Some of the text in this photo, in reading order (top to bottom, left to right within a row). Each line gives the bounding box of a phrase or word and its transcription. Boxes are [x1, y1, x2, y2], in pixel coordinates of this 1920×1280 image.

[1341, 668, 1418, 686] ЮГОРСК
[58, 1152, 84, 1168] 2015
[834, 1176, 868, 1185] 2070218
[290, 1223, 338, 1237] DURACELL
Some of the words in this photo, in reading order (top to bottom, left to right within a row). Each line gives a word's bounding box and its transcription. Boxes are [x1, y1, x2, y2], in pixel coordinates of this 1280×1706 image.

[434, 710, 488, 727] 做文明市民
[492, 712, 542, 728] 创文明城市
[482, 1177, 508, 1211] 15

========

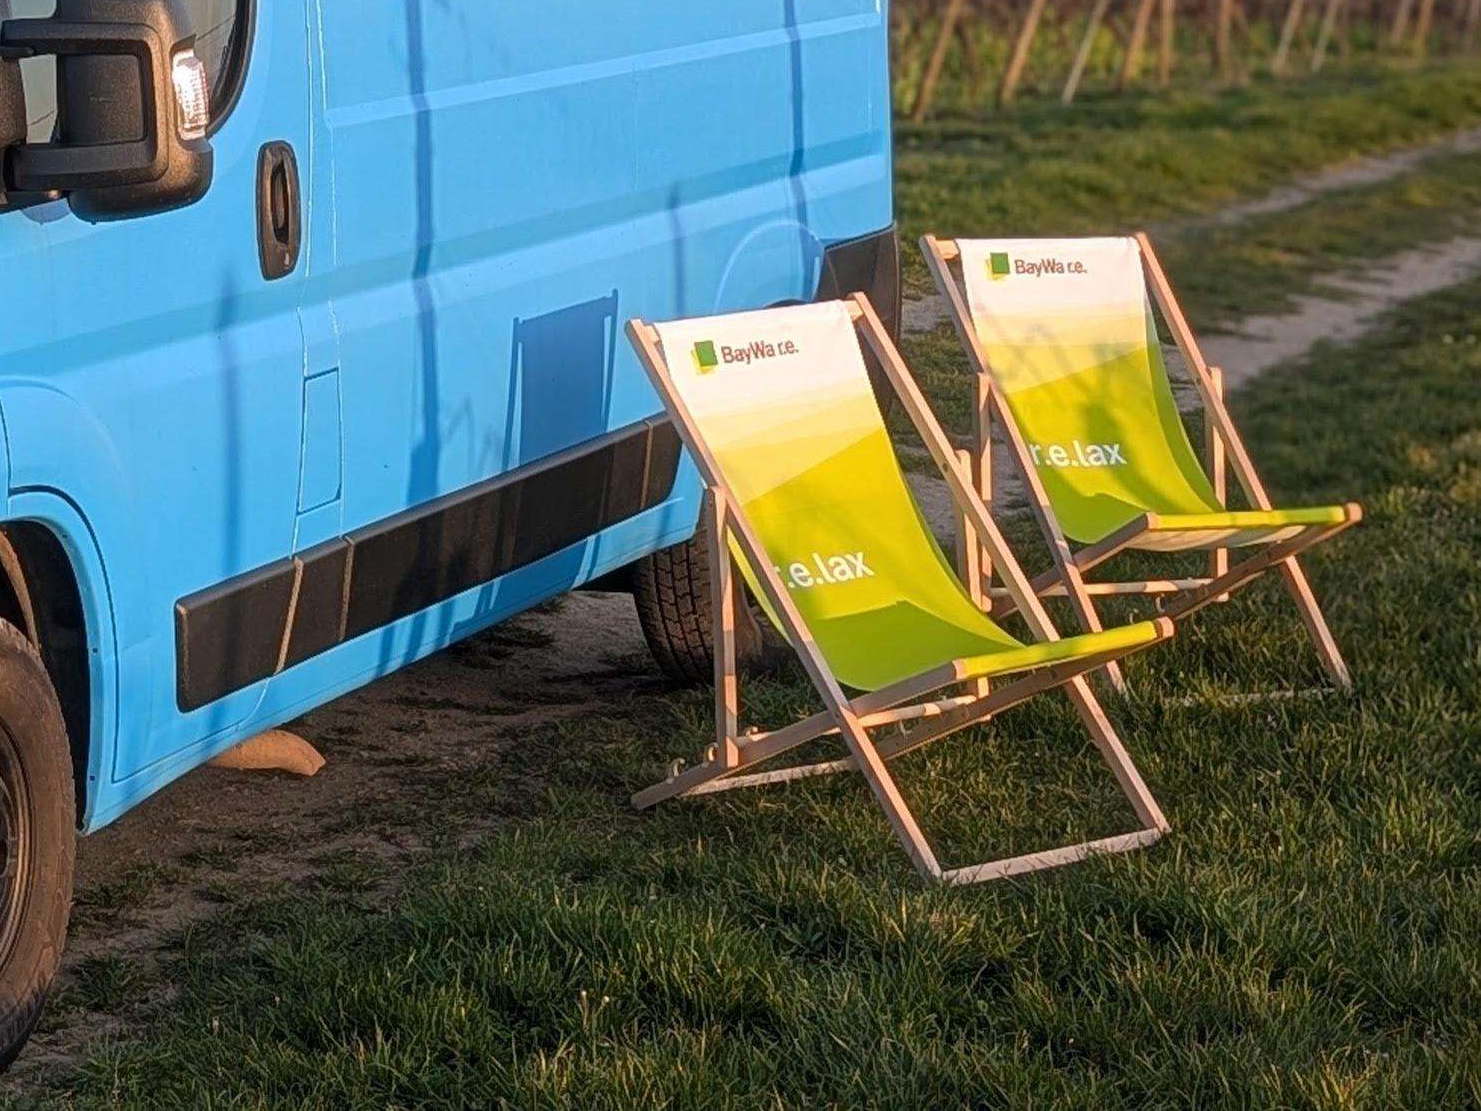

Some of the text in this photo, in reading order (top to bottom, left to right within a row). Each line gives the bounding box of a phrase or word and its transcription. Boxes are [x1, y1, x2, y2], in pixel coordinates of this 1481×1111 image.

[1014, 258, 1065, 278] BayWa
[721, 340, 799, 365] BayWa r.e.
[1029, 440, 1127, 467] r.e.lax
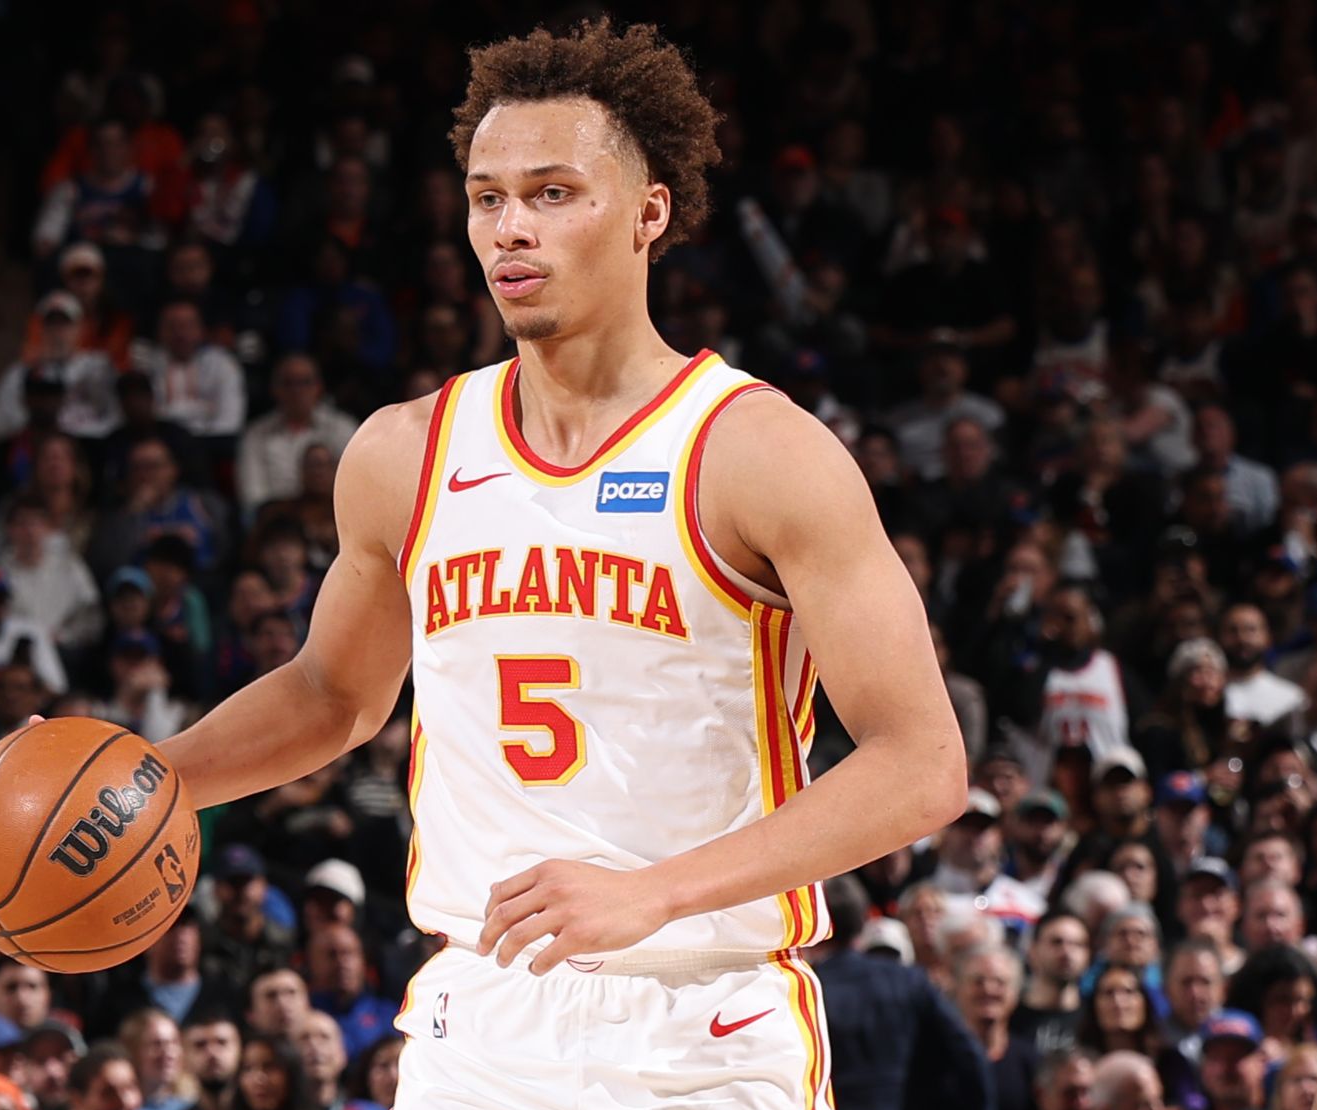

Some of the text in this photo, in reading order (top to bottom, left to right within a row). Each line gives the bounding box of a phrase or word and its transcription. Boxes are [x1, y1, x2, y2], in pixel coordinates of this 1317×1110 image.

========

**Directions for this task**
Output exactly the lines above, from the line with "this 1481×1111 image." to the line with "this 1317×1110 image.", both included; skip the pictures.

**Response to the task**
Some of the text in this photo, in reading order (top to bottom, left to right within a row). Each line gives the bounding box of a phrase or word and its transcription. Boxes are [x1, y1, x2, y2], in pixel coordinates of this 1481×1111 image.

[1014, 258, 1065, 278] BayWa
[721, 340, 799, 365] BayWa r.e.
[1029, 440, 1127, 467] r.e.lax

Some of the text in this photo, in reading order (top to bottom, left to right within a row). Each line gives the bounding box of a phrase or word and its transcription. Boxes are [x1, y1, x2, y2], in pixel coordinates of this 1317×1110 image.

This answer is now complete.